Provided data START

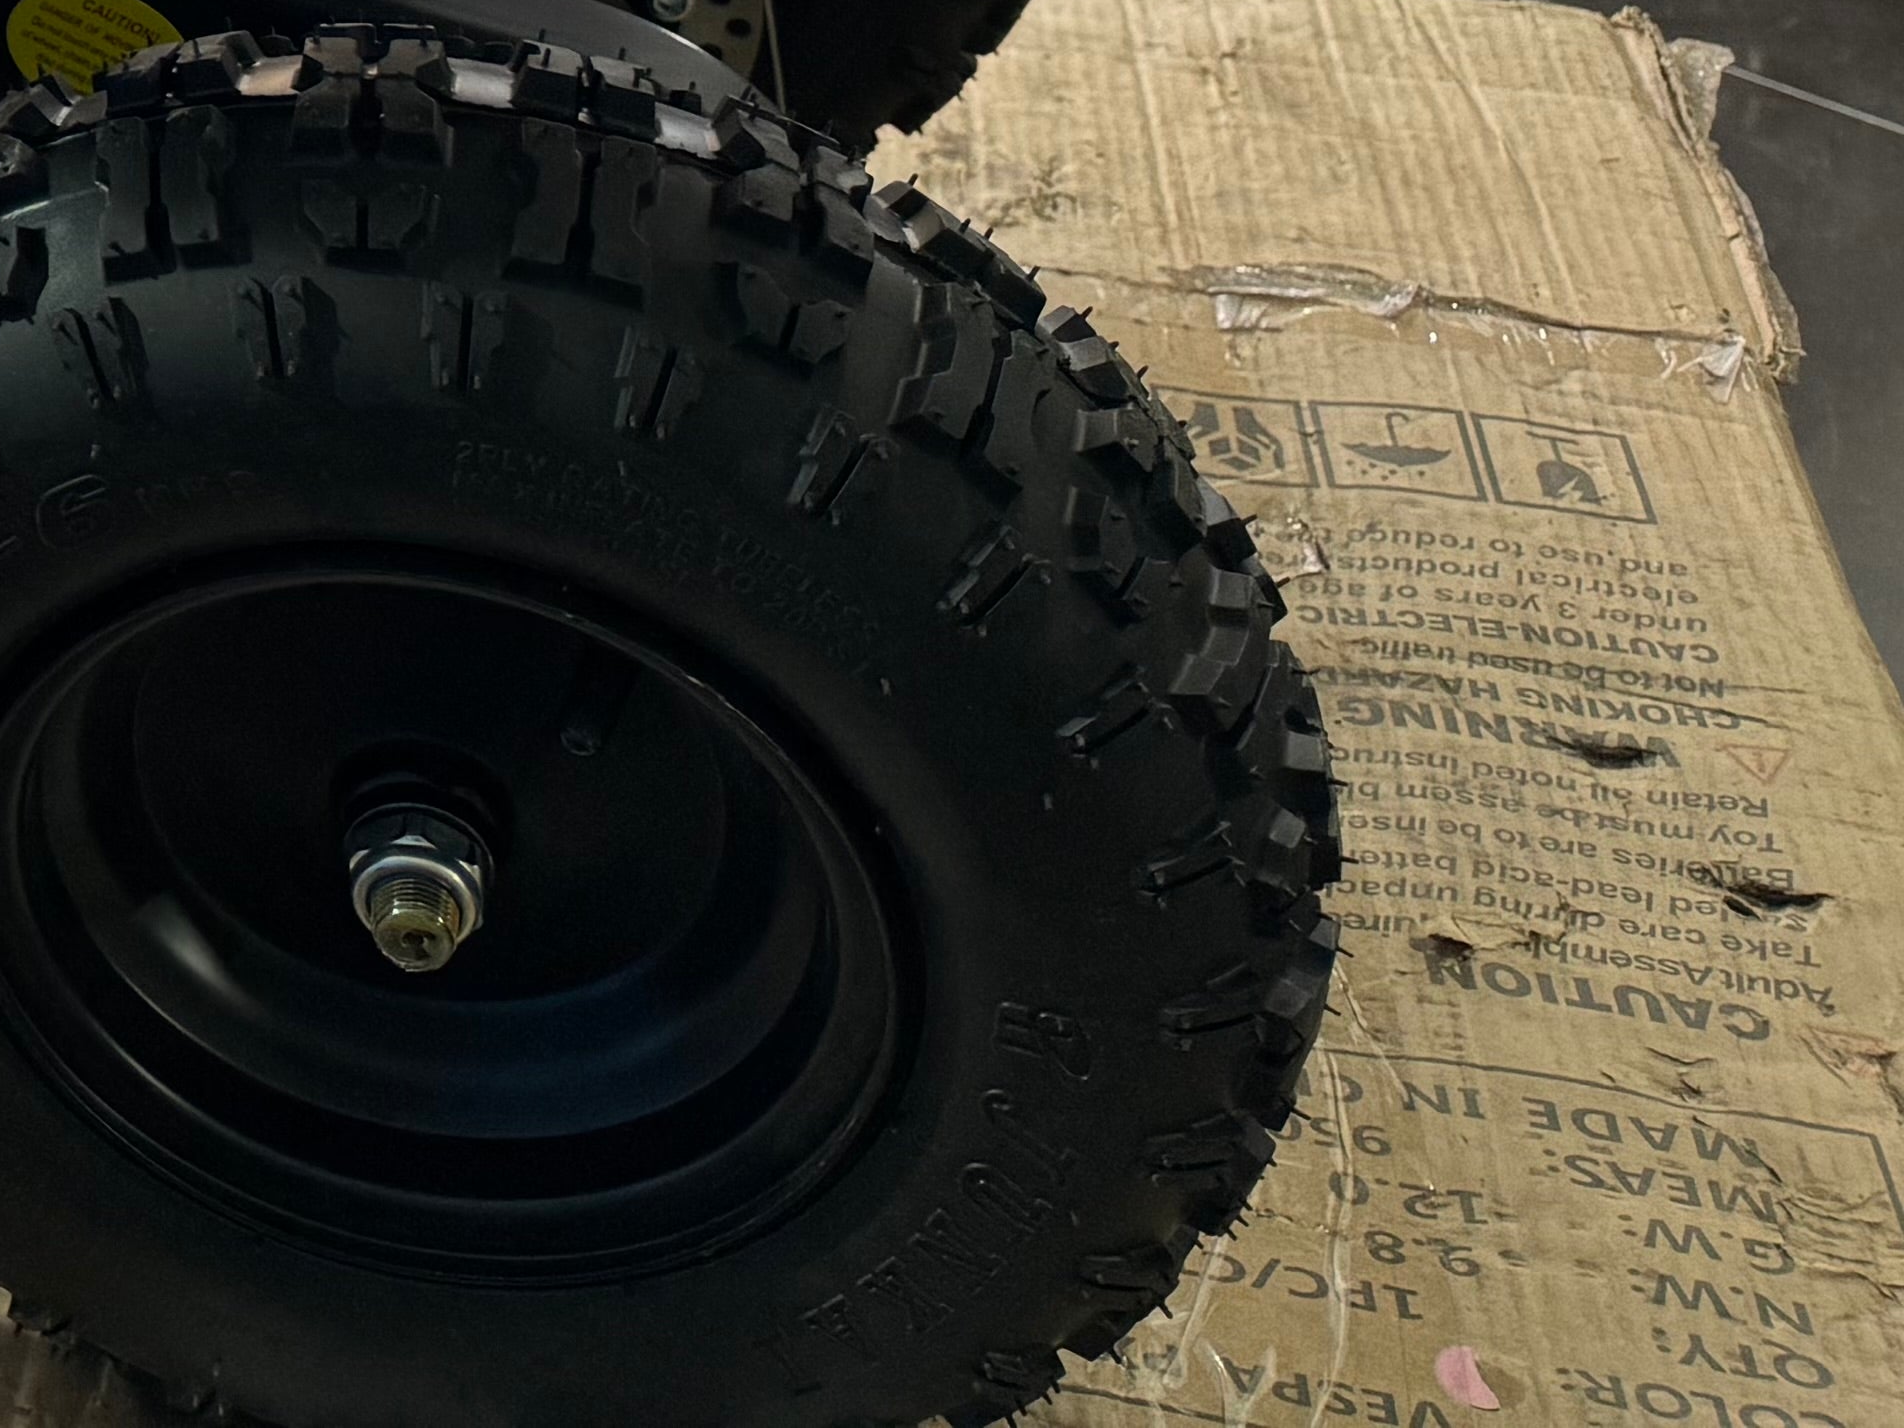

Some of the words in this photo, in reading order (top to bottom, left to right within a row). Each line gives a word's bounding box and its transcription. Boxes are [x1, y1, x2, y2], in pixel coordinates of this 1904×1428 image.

[1345, 527, 1475, 556] reduce
[1488, 538, 1525, 562] to
[1619, 556, 1689, 578] and
[1298, 575, 1367, 597] age
[1379, 584, 1420, 604] of
[1432, 584, 1542, 614] years
[1515, 568, 1700, 609] electrical
[1558, 601, 1577, 621] 3
[1593, 607, 1708, 636] under
[1295, 604, 1720, 665] CAUTION-ELECTRIC
[1467, 651, 1554, 680] used
[1562, 662, 1606, 690] be
[1616, 669, 1654, 691] to
[1660, 673, 1725, 700] Not
[1515, 687, 1742, 731] CHOKING
[1333, 698, 1681, 770] WARNING
[1472, 761, 1577, 794] noted
[1536, 804, 1584, 828] be
[1646, 791, 1770, 818] Retain
[1437, 820, 1482, 847] be
[1493, 827, 1530, 850] to
[1593, 812, 1694, 843] must
[1708, 825, 1785, 854] Toy
[1540, 836, 1597, 858] are
[1473, 859, 1654, 914] lead-acid
[1473, 886, 1606, 935] during
[1618, 919, 1706, 946] care
[1719, 933, 1822, 968] Take
[1409, 938, 1771, 1041] CAUTION
[1718, 968, 1834, 1011] Adult
[1401, 1081, 1486, 1120] IN
[1521, 1097, 1761, 1168] MADE
[1542, 1148, 1778, 1224] MEAS:
[1652, 1327, 1835, 1390] QTY:
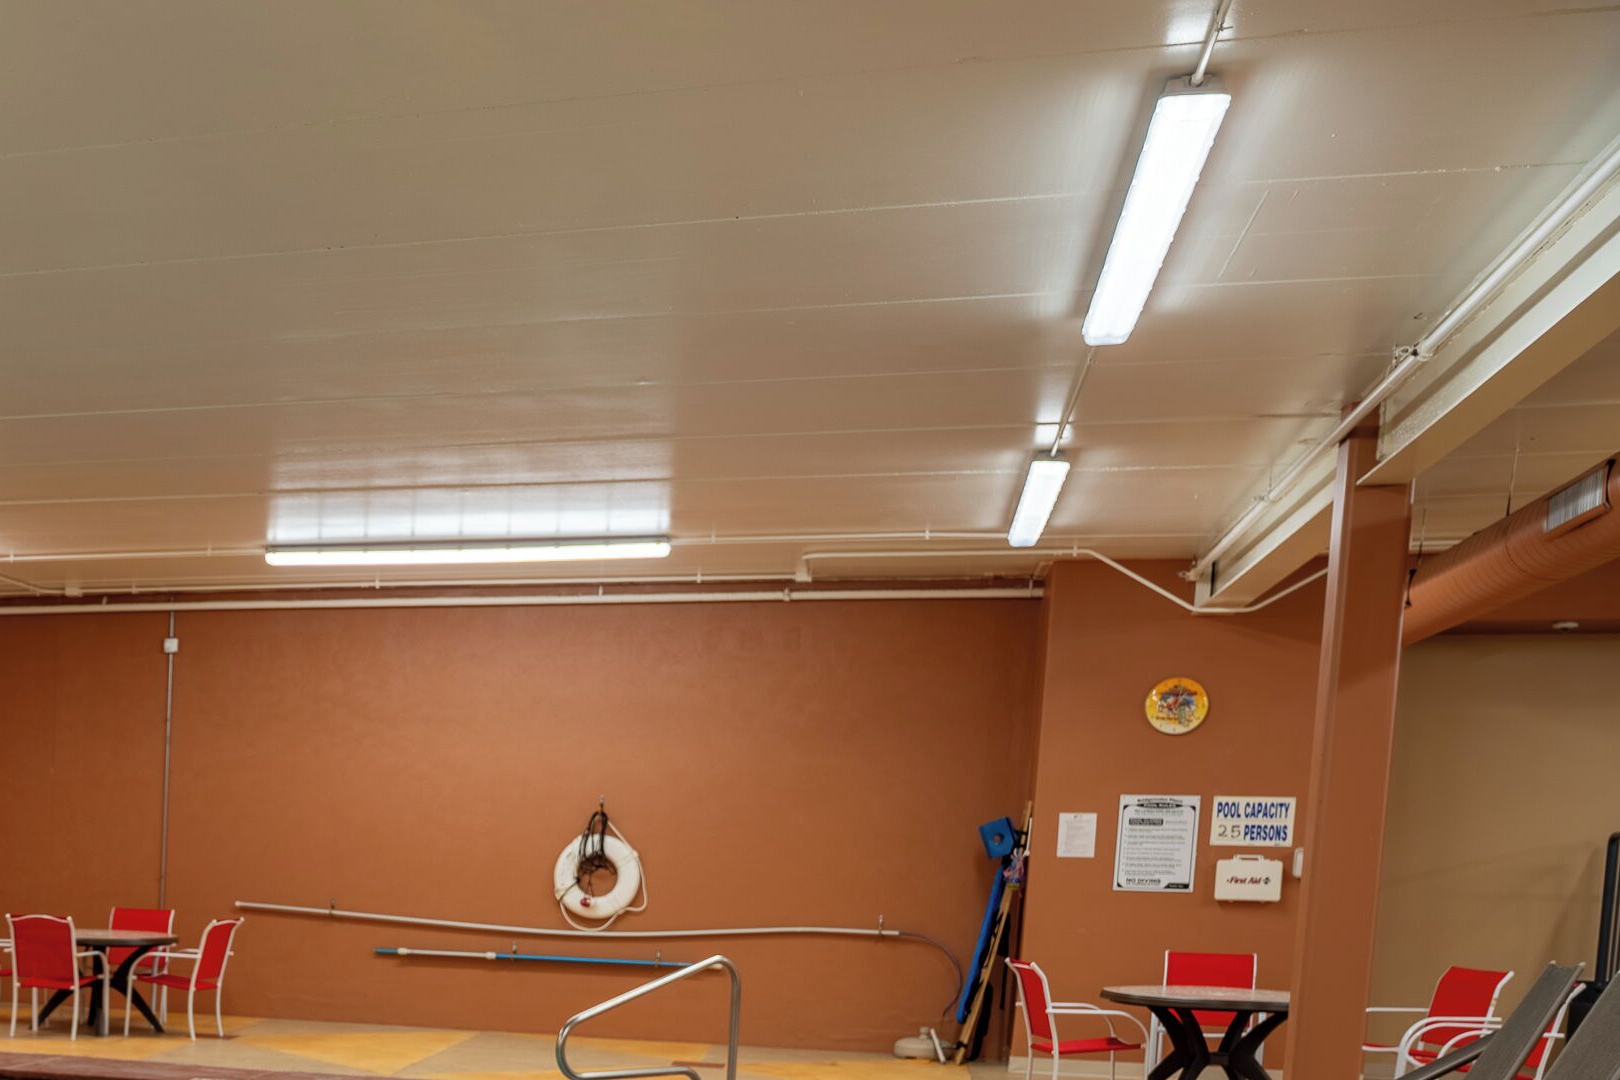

Provided data END

== Problem description ==
Repeat the data exactly, excluding the pictures.

== Result of this task ==
Some of the words in this photo, in reading order (top to bottom, left to right within a row). Each line gives a word's bounding box and its transcription. Boxes are [x1, y1, x2, y2], in pixel coordinates of this 1904×1428 image.

[1345, 527, 1475, 556] reduce
[1488, 538, 1525, 562] to
[1619, 556, 1689, 578] and
[1298, 575, 1367, 597] age
[1379, 584, 1420, 604] of
[1432, 584, 1542, 614] years
[1515, 568, 1700, 609] electrical
[1558, 601, 1577, 621] 3
[1593, 607, 1708, 636] under
[1295, 604, 1720, 665] CAUTION-ELECTRIC
[1467, 651, 1554, 680] used
[1562, 662, 1606, 690] be
[1616, 669, 1654, 691] to
[1660, 673, 1725, 700] Not
[1515, 687, 1742, 731] CHOKING
[1333, 698, 1681, 770] WARNING
[1472, 761, 1577, 794] noted
[1536, 804, 1584, 828] be
[1646, 791, 1770, 818] Retain
[1437, 820, 1482, 847] be
[1493, 827, 1530, 850] to
[1593, 812, 1694, 843] must
[1708, 825, 1785, 854] Toy
[1540, 836, 1597, 858] are
[1473, 859, 1654, 914] lead-acid
[1473, 886, 1606, 935] during
[1618, 919, 1706, 946] care
[1719, 933, 1822, 968] Take
[1409, 938, 1771, 1041] CAUTION
[1718, 968, 1834, 1011] Adult
[1401, 1081, 1486, 1120] IN
[1521, 1097, 1761, 1168] MADE
[1542, 1148, 1778, 1224] MEAS:
[1652, 1327, 1835, 1390] QTY:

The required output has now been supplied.